Our study has some limitations. First, due to the retrospective study design, not all laboratory tests were done in all patients, including lactate dehydrogenase, IL-6, and serum ferritin. Therefore, their role might be underestimated in predicting in-hospital death. Second, patients were sometimes transferred late in their illness to the two included hospitals. Lack of effective antivirals, inadequate adherence to standard supportive therapy, and high-dose corticosteroid use might have also contributed to the poor clinical outcomes in some patients. Third, the estimated duration of viral shedding is limited by the frequency of respiratory specimen collection, lack of quantitative viral RNA detection, and relatively low positive rate of SARS-CoV-2 RNA detection in throat-swabs.37 Fourth, by excluding patients still in hospital as of Jan 31, 2020, and thus relatively more severe disease at an earlier stage, the case fatality ratio in our study cannot reflect the true mortality of COVID-19. Last but not least, interpretation of our findings might be limited by the sample size. However, by including all adult patients in the two designated hospitals for COVID-19, we believe our study population is representative of cases diagnosed and treated in Wuhan.
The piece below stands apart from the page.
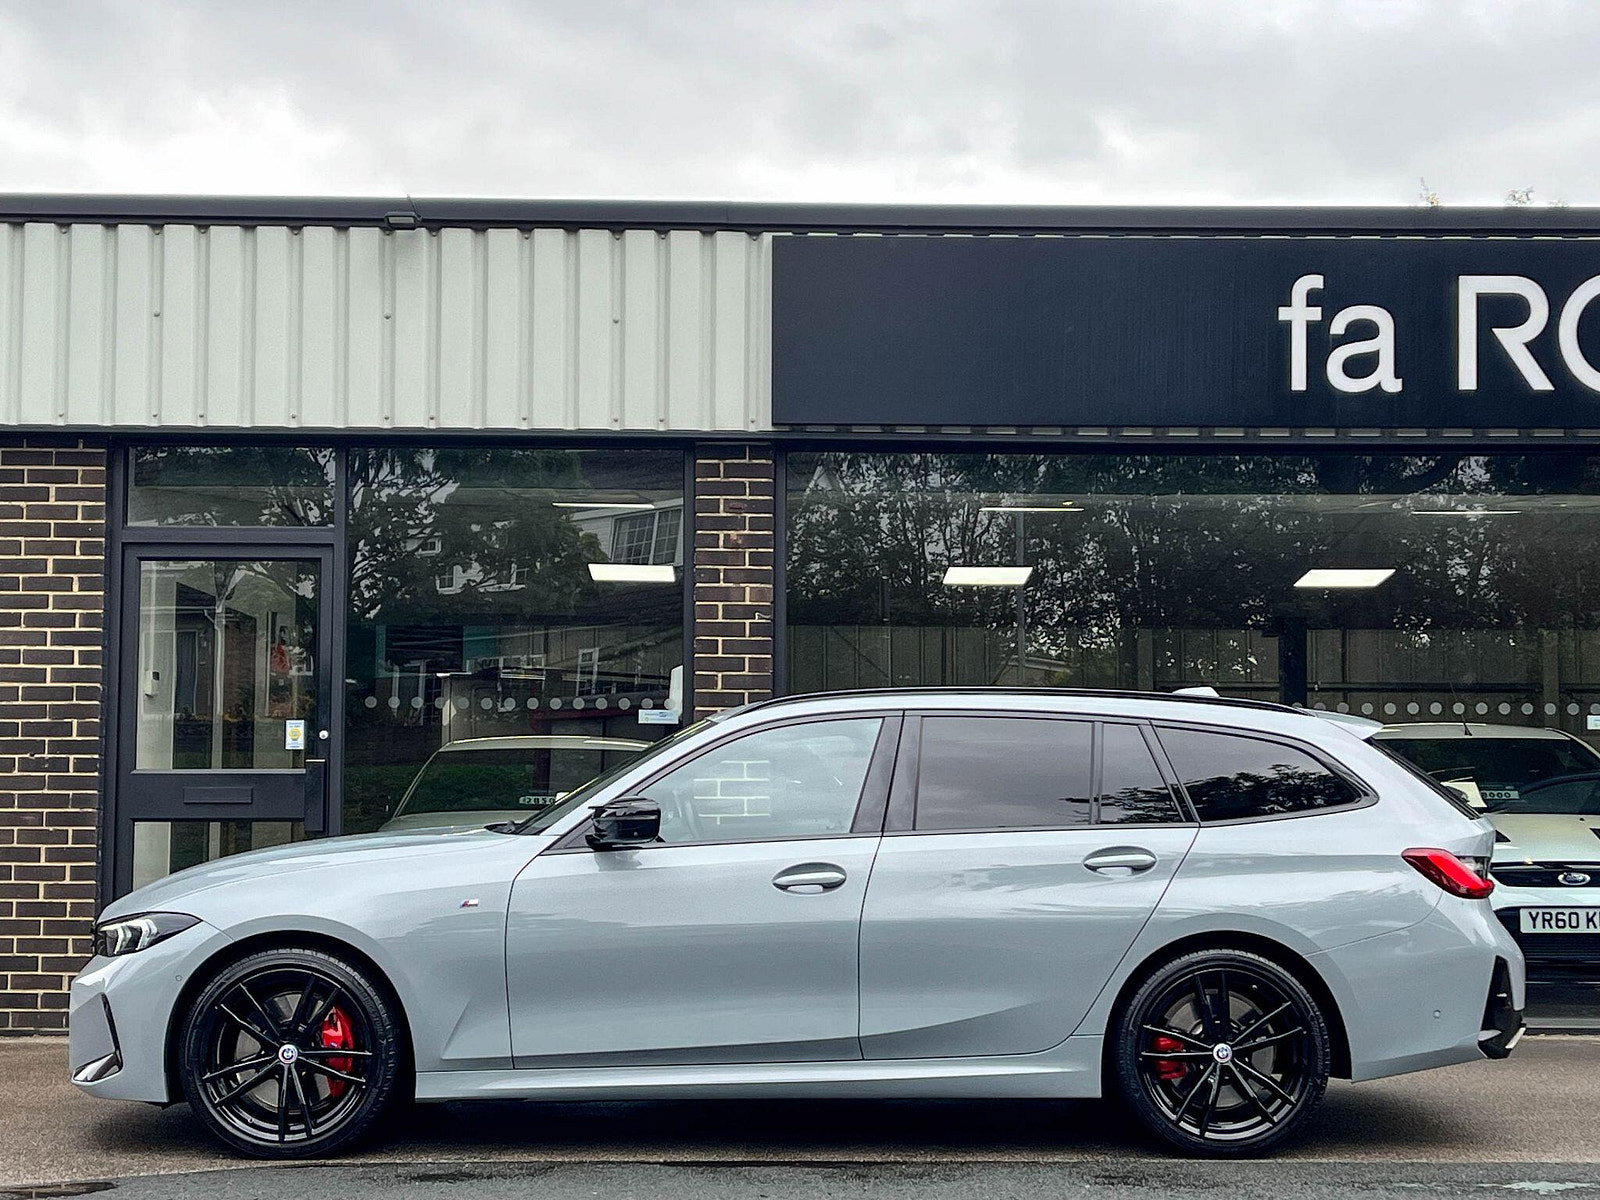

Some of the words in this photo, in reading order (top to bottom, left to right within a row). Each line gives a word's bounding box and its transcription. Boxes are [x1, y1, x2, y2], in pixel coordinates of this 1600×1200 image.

To the best of our knowledge, this is the largest retrospective cohort study among patients with COVID-19 who have experienced a definite outcome. We found that older age, higher SOFA score, and elevated d-dimer at admission were risk factors for death of adult patients with COVID-19. The prolonged viral shedding provides the rationale for testing novel coronavirus antiviral interventions in efforts to improve outcomes.